Porque fue un asiduo visitante de librerías. Allí podían verlo buscando joyas literarias, como intentando hallar pepitas de oro en un maizal entero. Entre sus lecturas y autores se cuentan Cabeza de Turco escrito por Günter Wallraff, de quien decía, «era un maniático del trabajo de campo». También gustaba por alguna razón del periodismo gonzo de Hunter S. Thompson; además de un apasionado por escritores que entraban poco a poco en Risaralda como Egon Erwin Kisch, J.M. Servin, y Ryszard Kapunscinsky, y otros. En fin, no fueron sus únicas referencias de lectura, pero sí las materias que lo hicieron un hombre de cultura amplia y ecléctica, y todo eso sumado fue su apuesta por cultivar su espíritu.
Así, sus oficios de periodista, cineasta, locutor y escritor que lo identificaban, fueron su objetivo en la vida y a los cuales se avocó con profesionalidad y profusión, dándoles una lealtad ciega a esas disciplinas. Poco le importaba otras cosas, aunque eso sí, no perdía de vista el contacto con el otro, es decir, con las personas que, según él, tenían «todas las historias del mundo». Solo se conoce una incursión en la esfera política, cuando fue jefe de prensa de dos campañas electorales en Pereira, de donde salió ileso y con senda experiencia sobre la naturaleza amañada del poder. Fuera de eso, su pasión por aprovechar el tiempo y documentar el suelo que pisaba, fue la señal de un alma hecha con letras de abecedario, y un testimonio de gratitud por los lugares que lo acogían.
Finalmente, y ante su muerte, quedaron en su ideario tres libros por desarrollar, uno sobre Perú y el conflicto entre dos países por un barco, El Huáscar, el famoso buque blindado capturado por los chilenos en la famosa «Guerra del Pacífico»; otro ambientado en África, pues había trabado amistad en Malta con un egipcio que aseguraba, su padre conoció al legendario László Almásy y sus aventuras como espía nazi en el desierto; y una crónica local acerca de un curioso personaje pereirano llamado Jorge Enrique García Quintero, un mecánico (hoy, y todavía vivo) que compartió en los años 70 cárcel con Nelson Mandela en Sudáfrica, trabajado con Aristóteles Onassis en sus astilleros, y recorrido 80 países del mundo como marinero sin puerto.

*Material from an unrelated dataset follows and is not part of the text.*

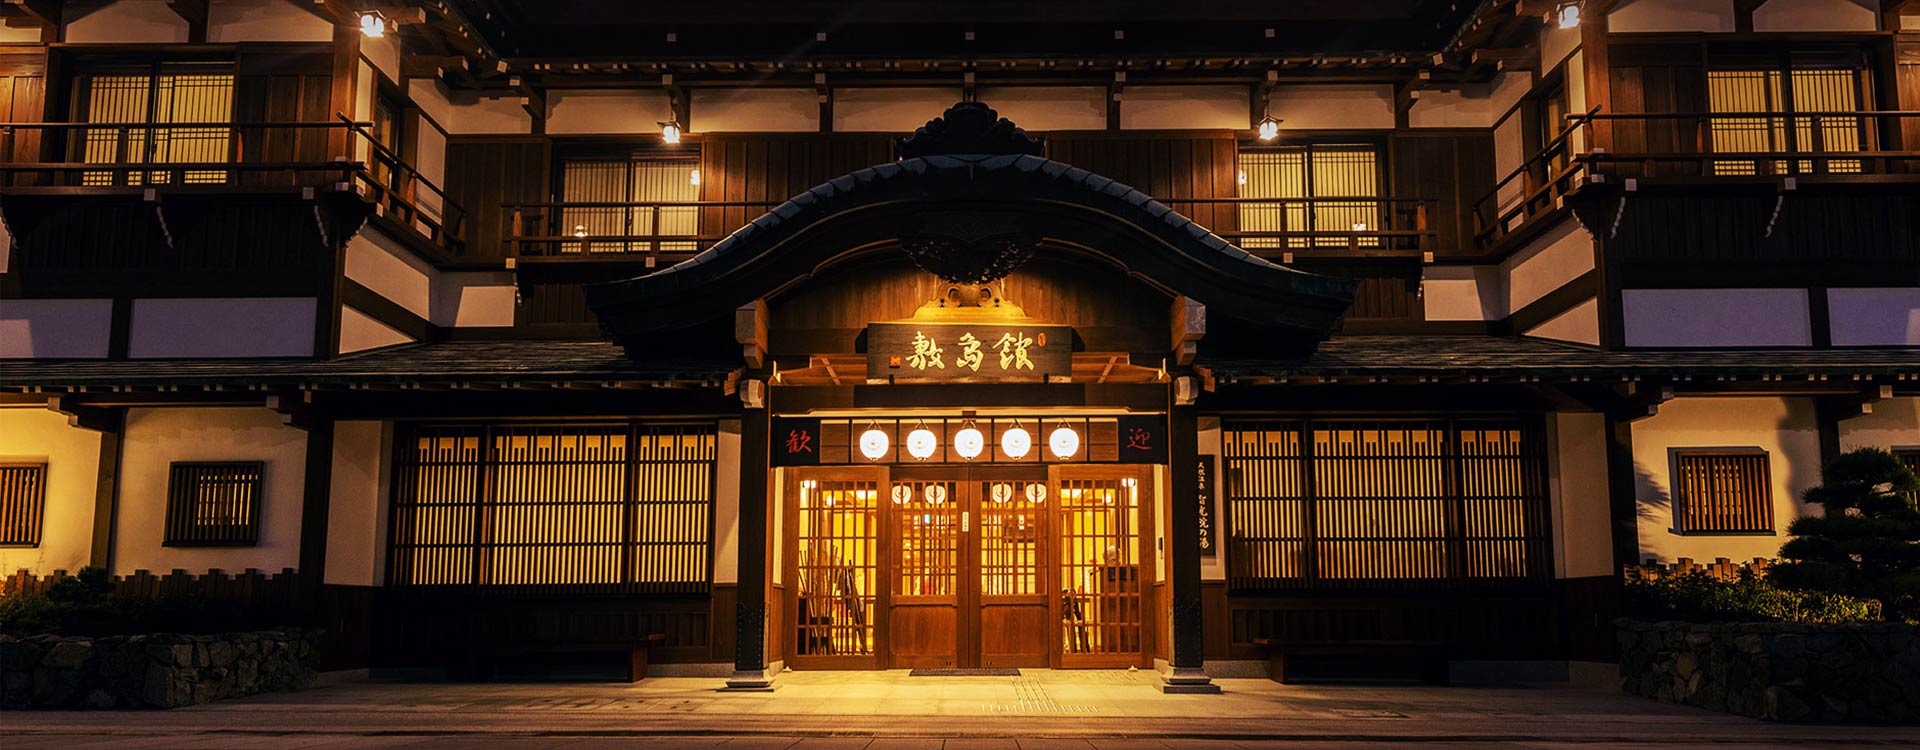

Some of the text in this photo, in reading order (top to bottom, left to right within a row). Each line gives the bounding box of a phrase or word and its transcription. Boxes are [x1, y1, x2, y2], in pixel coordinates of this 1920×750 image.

Historias que no verían la luz a causa de su prematuro deceso, acontecido un año después de ser participar como extra en la película Gladiador II filmada por Ridley Scott en la Isla de Malta en el Mediterráneo, y ante el cual demostró ser un epicúreo fiel, pues en su último libro Sofonías, el guardián de los muertos, dijo con claridad «…Nada seremos después de la muerte como nada fuimos antes del nacimiento» y en otra página expresó con deseo sincero, como si fuera un ruego a la existencia «Ojalá a mí me toque pasar a sus brazos (de la muerte) directo de los de Morfeo antes de que me abrace la vejez para no tener que acudir al té de Sócrates».
Fini.
Escribe: DIEGO FIRMIANO*

*Escritor. Ensayista. Coleccionista de libros. Lector.